_YOUR ASSIGNMENT_
Set the pictures aside and set down only the lines from the line holding "Some of the words" through the end of the entries below, ends included.

• • •

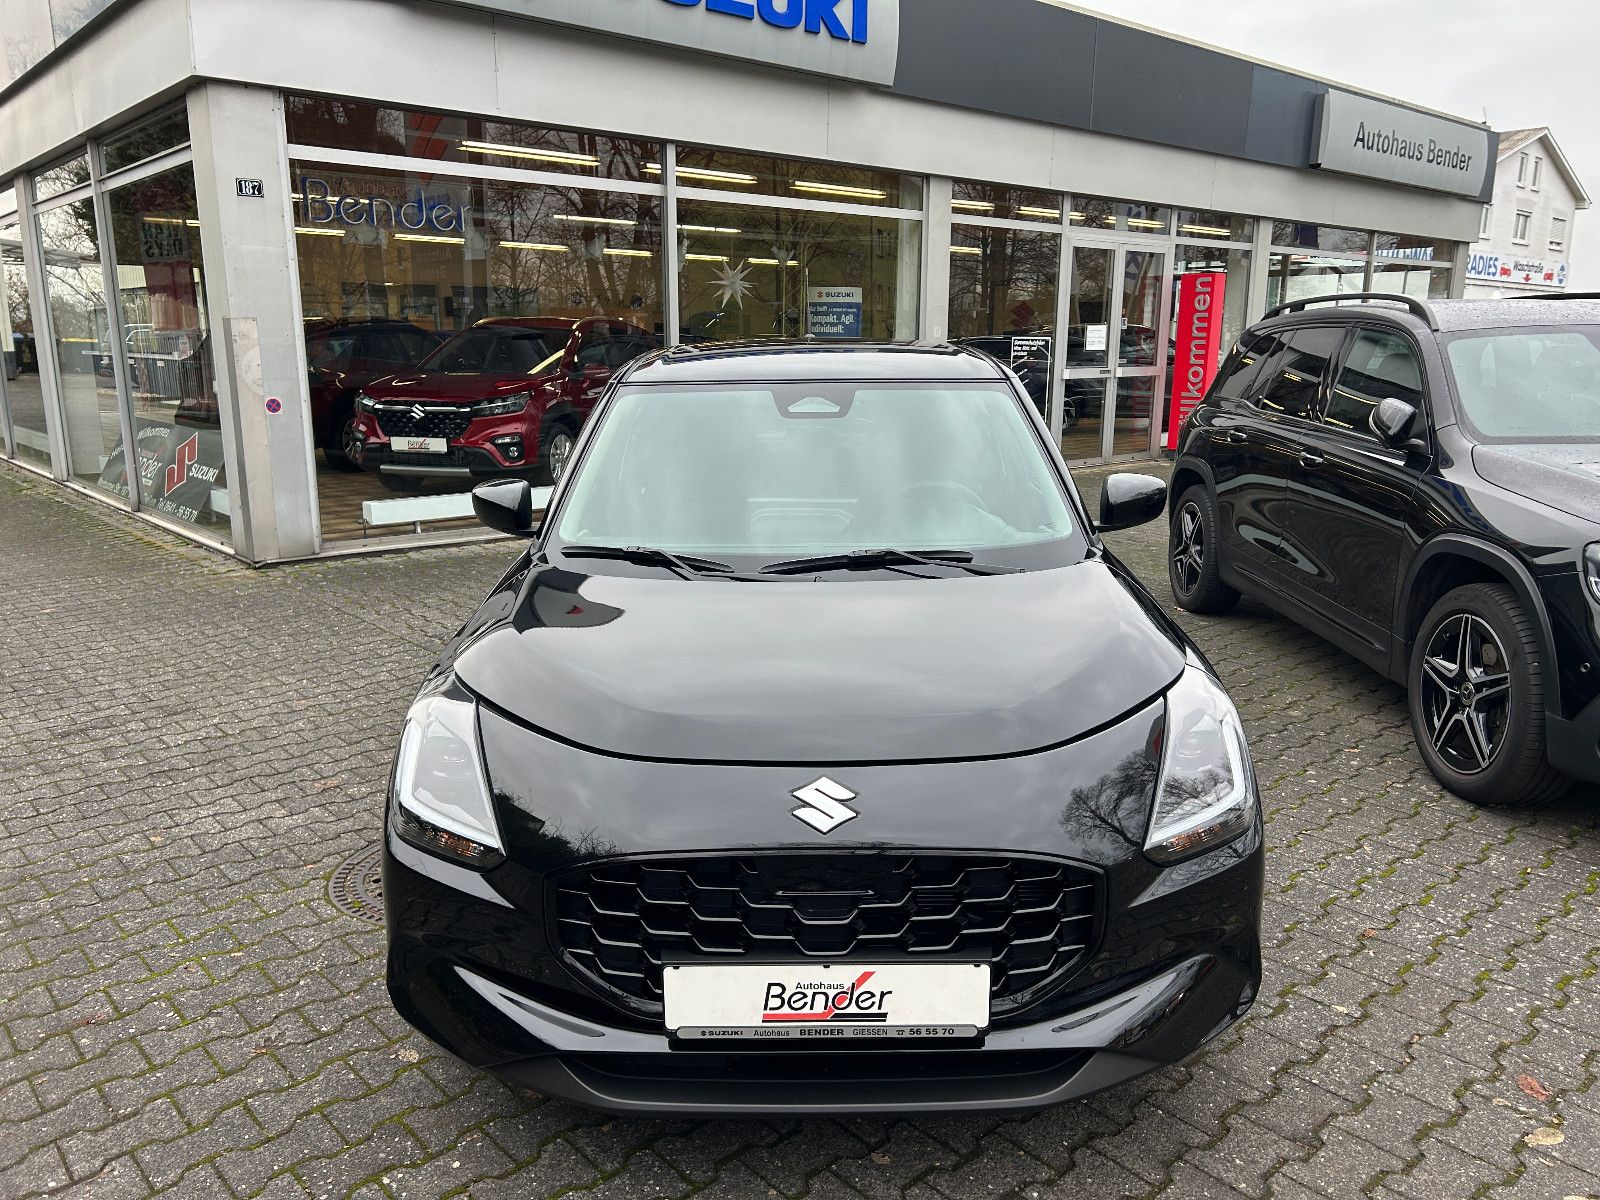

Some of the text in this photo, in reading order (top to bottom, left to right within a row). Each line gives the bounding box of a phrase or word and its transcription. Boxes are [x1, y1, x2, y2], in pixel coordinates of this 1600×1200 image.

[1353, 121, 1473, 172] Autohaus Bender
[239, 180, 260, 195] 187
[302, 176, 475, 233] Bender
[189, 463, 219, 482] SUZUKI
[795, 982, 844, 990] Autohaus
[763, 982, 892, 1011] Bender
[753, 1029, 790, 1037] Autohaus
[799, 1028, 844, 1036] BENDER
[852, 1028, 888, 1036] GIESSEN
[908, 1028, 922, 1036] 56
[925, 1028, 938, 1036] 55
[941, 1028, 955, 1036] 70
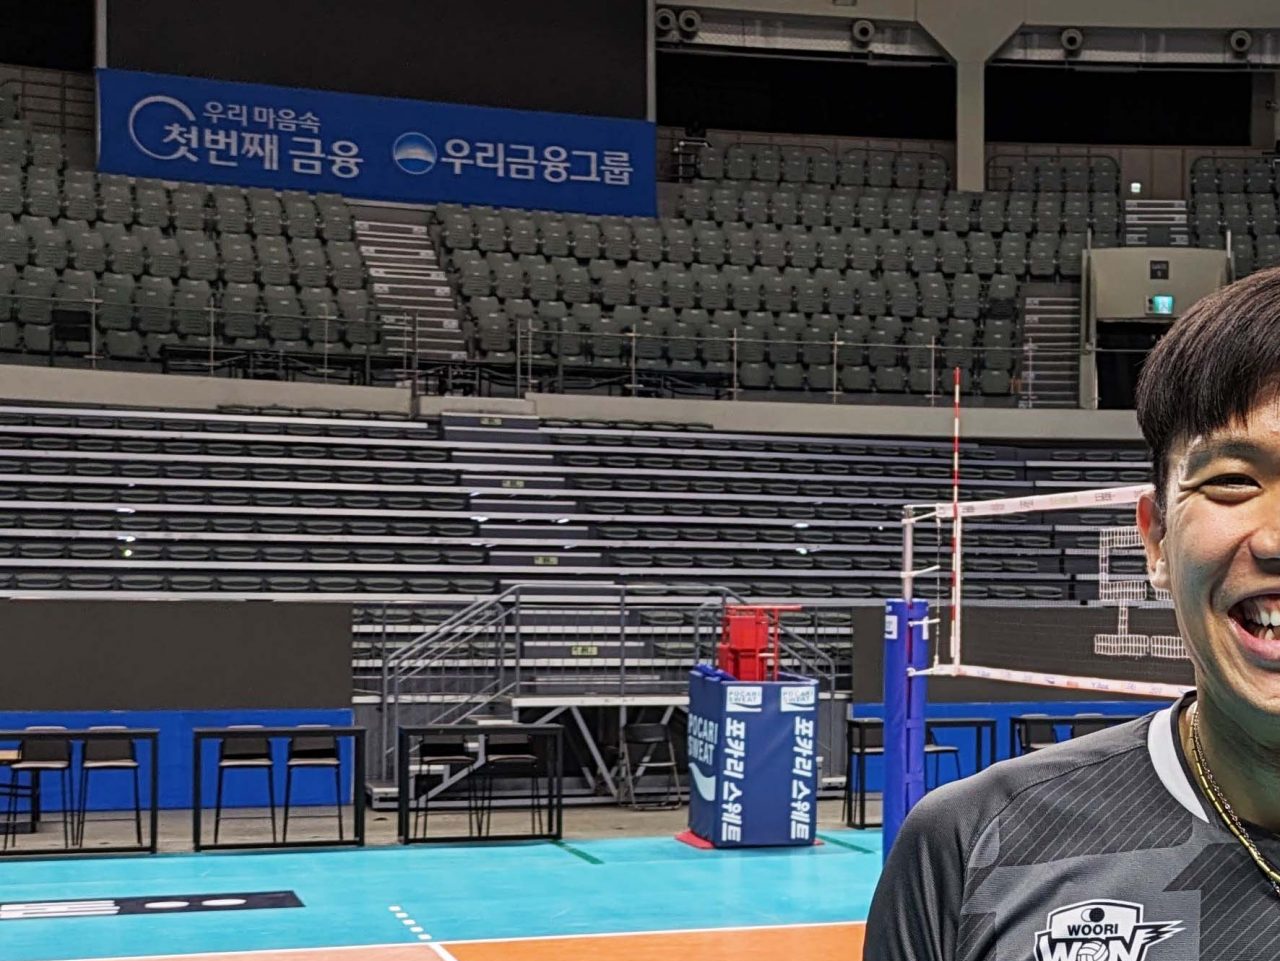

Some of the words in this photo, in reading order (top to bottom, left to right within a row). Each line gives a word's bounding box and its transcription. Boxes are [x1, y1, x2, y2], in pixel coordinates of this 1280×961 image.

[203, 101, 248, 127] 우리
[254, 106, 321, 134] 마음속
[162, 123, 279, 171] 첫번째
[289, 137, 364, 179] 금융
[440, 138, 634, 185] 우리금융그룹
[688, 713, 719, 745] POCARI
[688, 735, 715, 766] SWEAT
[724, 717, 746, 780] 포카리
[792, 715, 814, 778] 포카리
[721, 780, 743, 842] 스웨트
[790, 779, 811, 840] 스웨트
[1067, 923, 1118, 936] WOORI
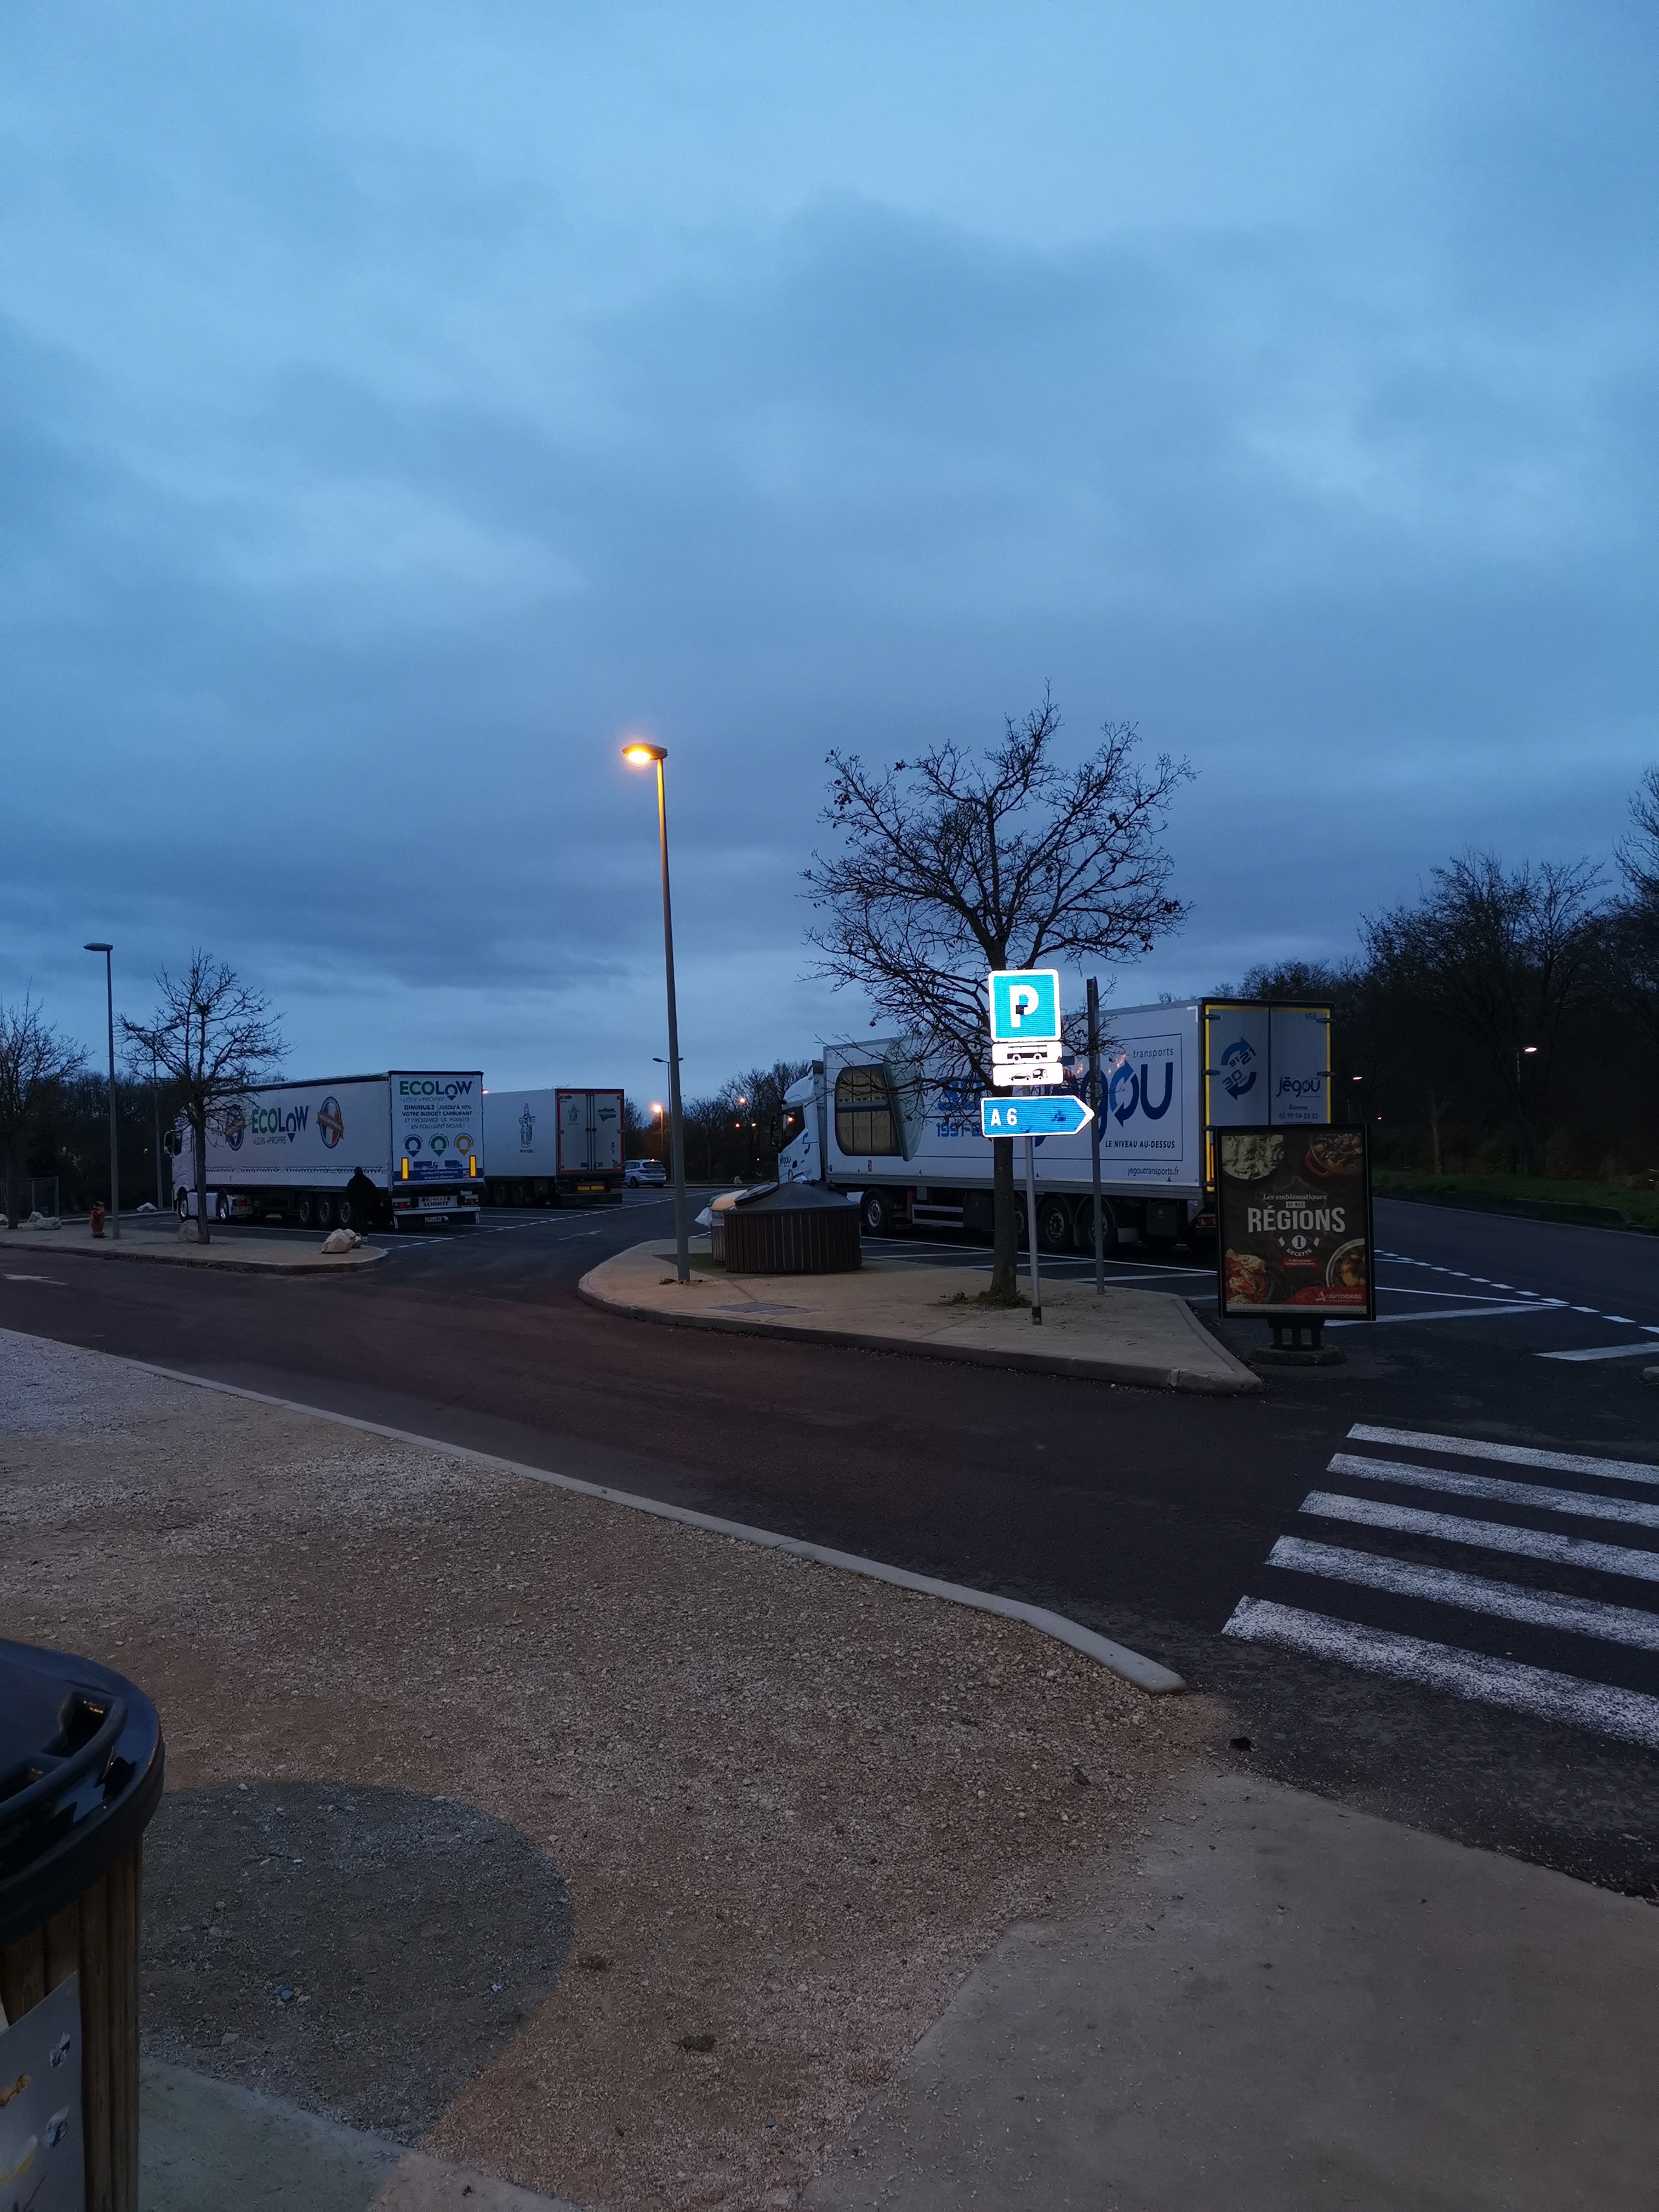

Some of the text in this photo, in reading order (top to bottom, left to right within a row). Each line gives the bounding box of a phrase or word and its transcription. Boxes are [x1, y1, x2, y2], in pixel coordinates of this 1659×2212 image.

• • •

_FINISHED TASK_
Some of the words in this photo, in reading order (top to bottom, left to right within a row). Each line gives a word's bounding box and its transcription. Boxes are [x1, y1, x2, y2], in pixel coordinates of this 1280×961 image.

[203, 101, 248, 127] 우리
[254, 106, 321, 134] 마음속
[162, 123, 279, 171] 첫번째
[289, 137, 364, 179] 금융
[440, 138, 634, 185] 우리금융그룹
[688, 713, 719, 745] POCARI
[688, 735, 715, 766] SWEAT
[724, 717, 746, 780] 포카리
[792, 715, 814, 778] 포카리
[721, 780, 743, 842] 스웨트
[790, 779, 811, 840] 스웨트
[1067, 923, 1118, 936] WOORI

Some of the text in this photo, in reading order (top to bottom, left to right within a row). Each line gives the bounding box of a phrase or word and its transcription. Boxes are [x1, y1, x2, y2], in pixel coordinates of this 1659×2212 image.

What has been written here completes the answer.